If you’re shopping for a new barbecue but can’t decide between a traditional offset smoker and a trendy pellet smoker, I hear you! While they both look similar, they run off different fuels, cook slightly differently and are in a whole different boat when it comes to ease of use. And, that’s before you even consider their different price points. But, if you’re tossing and turning, this article will give you all the information you need to compare the offset smoker vs pellet smoker so that you can make the best decision for your new backyard edition.
What is an Offset Smoker?
An offset smoker, also known as a horizontal smoker, barrel smoker, stick smoker, pipe smoker or side firebox smoker, is one of the most traditional and basic types of barbecues. Most simply consist of a small firebox that’s connected to a larger barrel or box where the cooking takes place.

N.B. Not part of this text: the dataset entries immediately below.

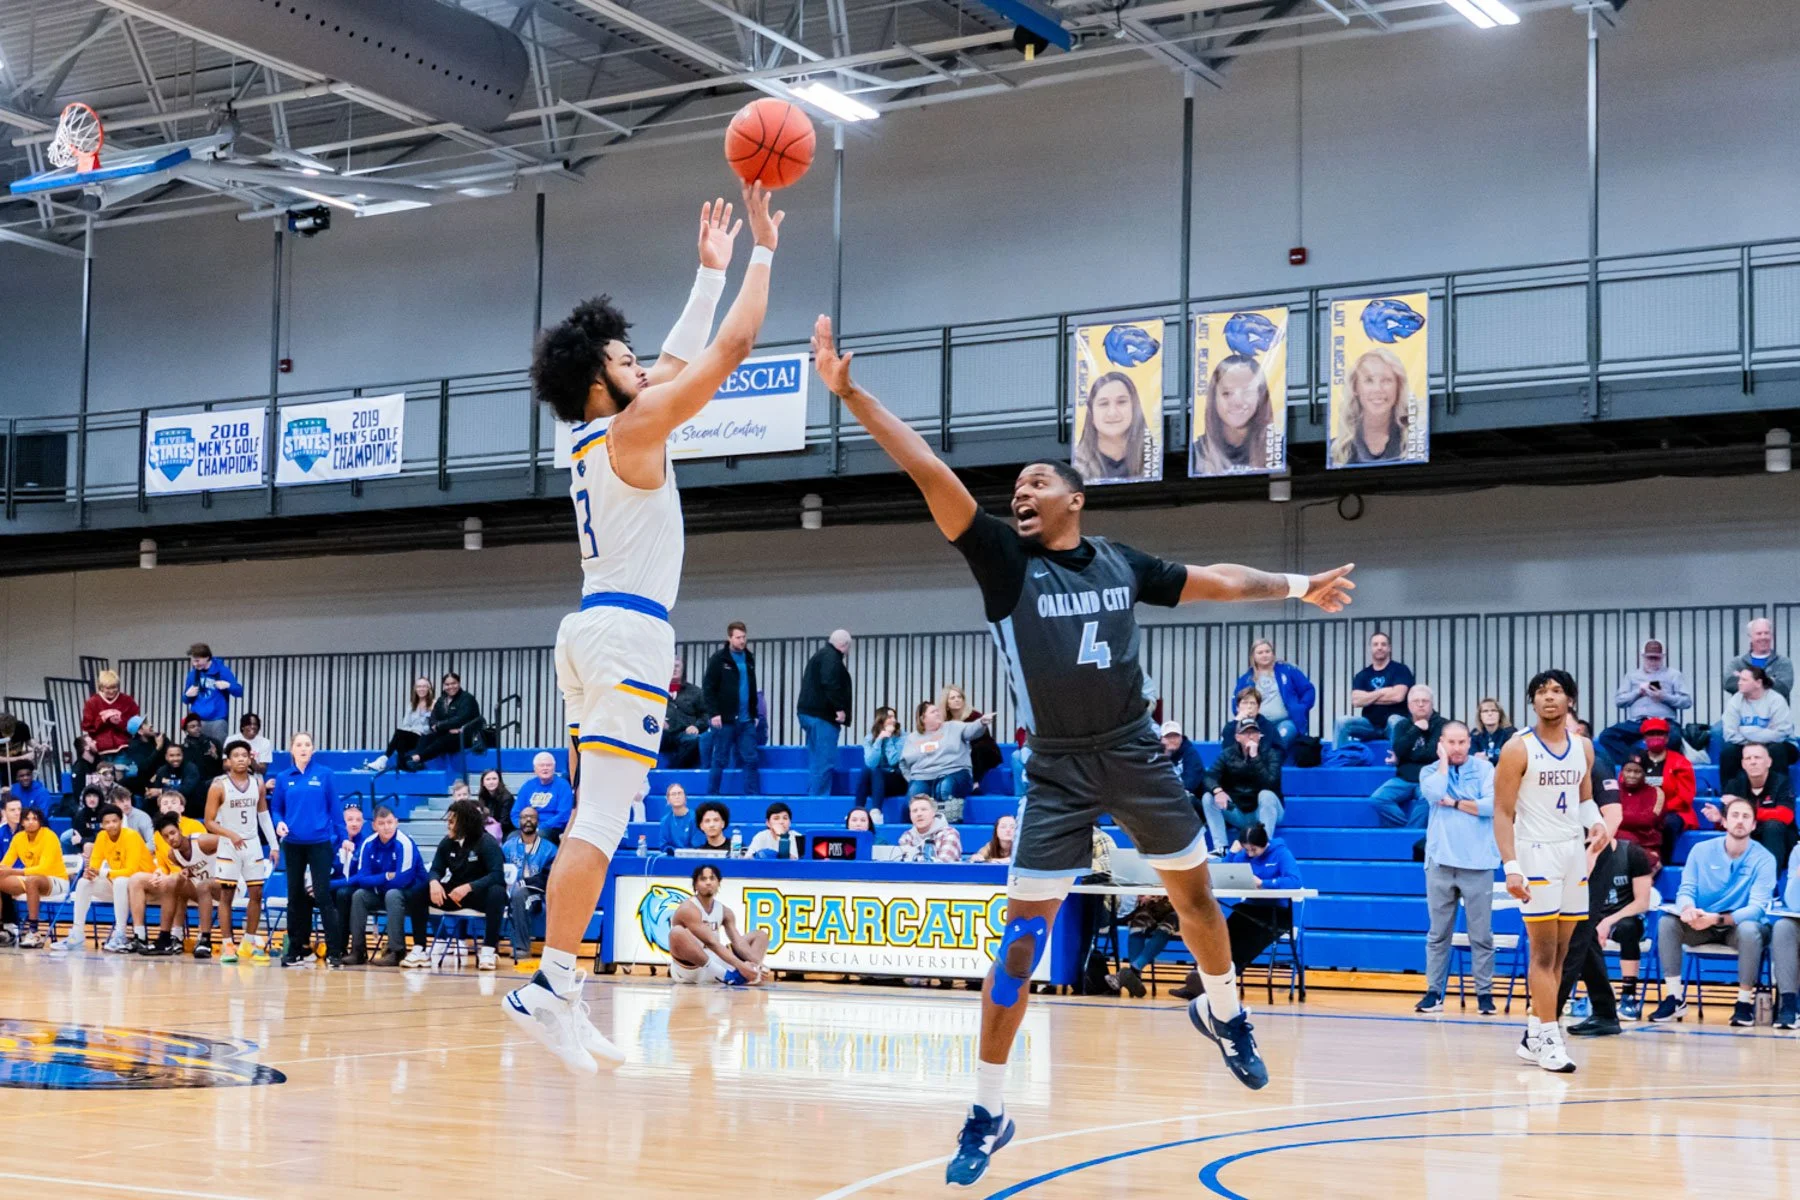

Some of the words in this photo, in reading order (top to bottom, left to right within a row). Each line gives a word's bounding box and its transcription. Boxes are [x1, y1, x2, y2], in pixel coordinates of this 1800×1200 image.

[718, 366, 796, 393] ESCIA!
[353, 409, 379, 429] 2019
[210, 422, 249, 440] 2018
[334, 430, 366, 446] MEN'S
[370, 427, 398, 443] GOLF
[681, 422, 723, 441] Second
[723, 420, 767, 440] Century
[149, 442, 194, 462] STATES
[198, 440, 231, 457] MEN'S
[235, 436, 259, 454] GOLF
[285, 433, 330, 454] STATES
[1143, 427, 1152, 478] HANNAH
[198, 454, 258, 476] CHAMPIONS
[333, 441, 398, 470] CHAMPIONS
[576, 488, 599, 560] 3
[1037, 590, 1101, 618] OAKLAND
[1102, 586, 1131, 612] CITY
[1077, 621, 1112, 669] 4
[1539, 769, 1581, 786] BRESCIA
[1556, 791, 1568, 814] 4
[240, 810, 248, 825] 5
[743, 887, 1009, 960] BEARCATS
[788, 950, 860, 965] BRESCIA
[869, 952, 981, 970] UNIVERSITY

But, in this case, basic is definitively not a bad thing! Offset smokers are renowned as the gold standard when it comes to smoking. They’re ideal for cooking meat and other food at low temperatures for a long period of time and, do so, as the heat and smoke from the fire pass through the cooking chamber and out through the chimney.
Offset smokers can be run on a pure wood fire, or a charcoal fire with the addition of wood chips to create that authentic smokey flavor.
What is a Pellet Smoker?
A pellet smoker, also known as a pellet grill, is kind of like a modern-day, electronic upgrade of the traditional offset smoker. They look similar and even work in round about he same way. But, the fire in a pellet smoker runs on 100% pure hardwood pellets that are drip fed into the firebox as is needed to automatically maintain the temperature that you set on what’s usually an LCD display panel.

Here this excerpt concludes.